L’important alors est de trouver dans le monde en train de se restructurer les moyens de laisser co-exister l’ensemble de ces éléments (techniques et non techniques), ce qui amène à devoir traiter autrement que par le biais technique des aspects qualitatifs essentiels qui relèvent de la Nature Humaine comme la protection de la vie, la célébration de tout ce qui est beau,la recherche d’une harmonie qu’il faut préserver dans un monde en constant changement.

L’IA et les Cultures autochtone : la préservation de valeurs essentielles profondément humaines

Dans une large mesure M Jason Edwards a repris dans son intervention les conclusions d’un rapport produit en 2018 traitant de la question de l’IA et des cultures autochtones.
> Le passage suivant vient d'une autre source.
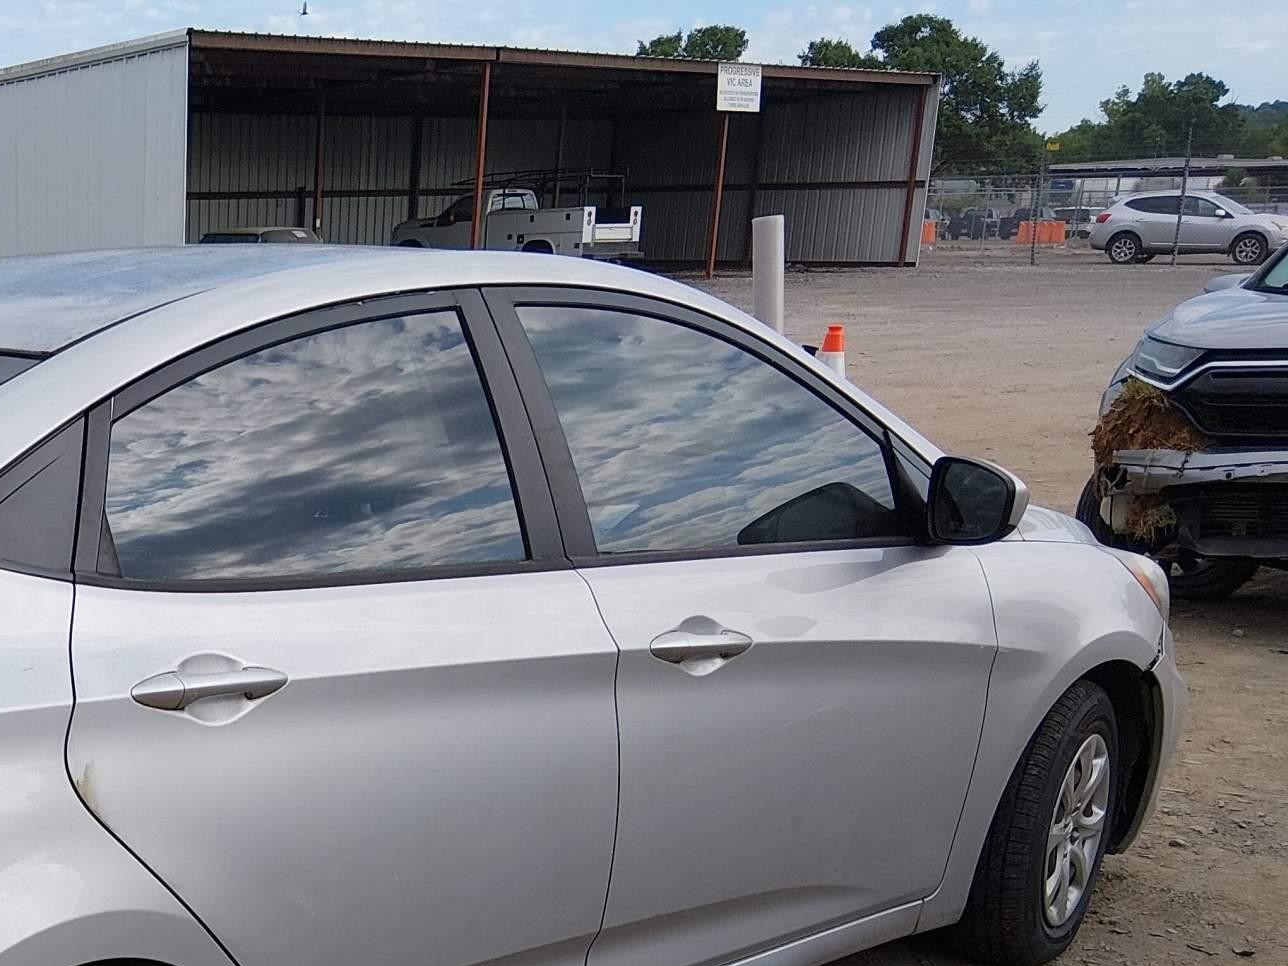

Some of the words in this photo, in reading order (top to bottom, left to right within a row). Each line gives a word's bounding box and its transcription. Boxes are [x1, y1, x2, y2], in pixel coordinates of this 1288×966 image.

[720, 66, 760, 77] PROGRESSIVE
[727, 77, 736, 87] VIC
[737, 78, 753, 87] AREA
Cette réflexion collective issue d’une collaboration universitaire internationale (Canada, Nouvelle Zélande, Australie) et reposant sur les résultats d’enquêtes sur le terrain, fait ressortir d’intéressant résultats quant à la question des diversités culturelles.

Face à l’IA les populations interrogées ont fait ressortir clairement les craintes que leurs inspirent la mise en œuvre de processus commandés par des systèmes codifiés supposés reproduire ou approcher les mécanismes de nos pensées et de s’insérer dans nos modes de vie. Ces objections ou réserves ont largement trait aux éléments qui fondent ces sociétés autochtones. Les personnes interrogées craignent que le déploiement de ces systèmes mette à mal l’organisation des communautés, leur conception de la parenté ,les relations interpersonnelles notamment intergénérationnelles, le régime de transmission des valeurs traditionnelles ; l’artificialisation inhérente à ces technologies suscite aussi l’inquiétude quant à de possibles effets néfastes sur le rapport que ces populations ont avec le vivant, la nature qu’elles connaissent intimement et dont elles pourraient s’éloigner. Enfin, dernière appréhension exprimée : la crainte de disparition de leurs langues et d’une élaboration d’applications complètement étrangères à leurs mentalités (cultures).

Le Débat : quelques autres observations et idées clefs

M Verbeck a invité les orateurs à réagir à toute une série de questions ; on donne ci-après les éléments qui ont pu le plus retenir l’attention.

S’il faut bien traiter les questions éthiques, on doit se garder d’envisager toute une série de règles d’application générale ; en revanche, la définition d’un cadre avec des principes directeurs – comme s’apprête à le faire l’Unesco va dans la bonne direction.

C’est dans le même esprit, qu’a été développée l’idée de systématiquement pouvoir bien combiner les dimensions de l’universel et du local (national), lorsqu’on explore les questions touchant l’IA dans son rapport aux sociétés et aux personnes. La Vérité n’est pas un absolu déclare l’un des intervenants.

Si on a besoin de normes à définir aux bons niveaux, elles ne doivent pas être d’une excessive lourdeur.

Rien ne va de soi ; il faut toujours s’interroger sur la pertinence de l’IA lorsqu’on se propose d’en adopter l’usage pour un traitement donné.

Ne jamais s’enfermer dans la Technique et se laisser trop facilement séduire par ses performances (sa toute-puissance)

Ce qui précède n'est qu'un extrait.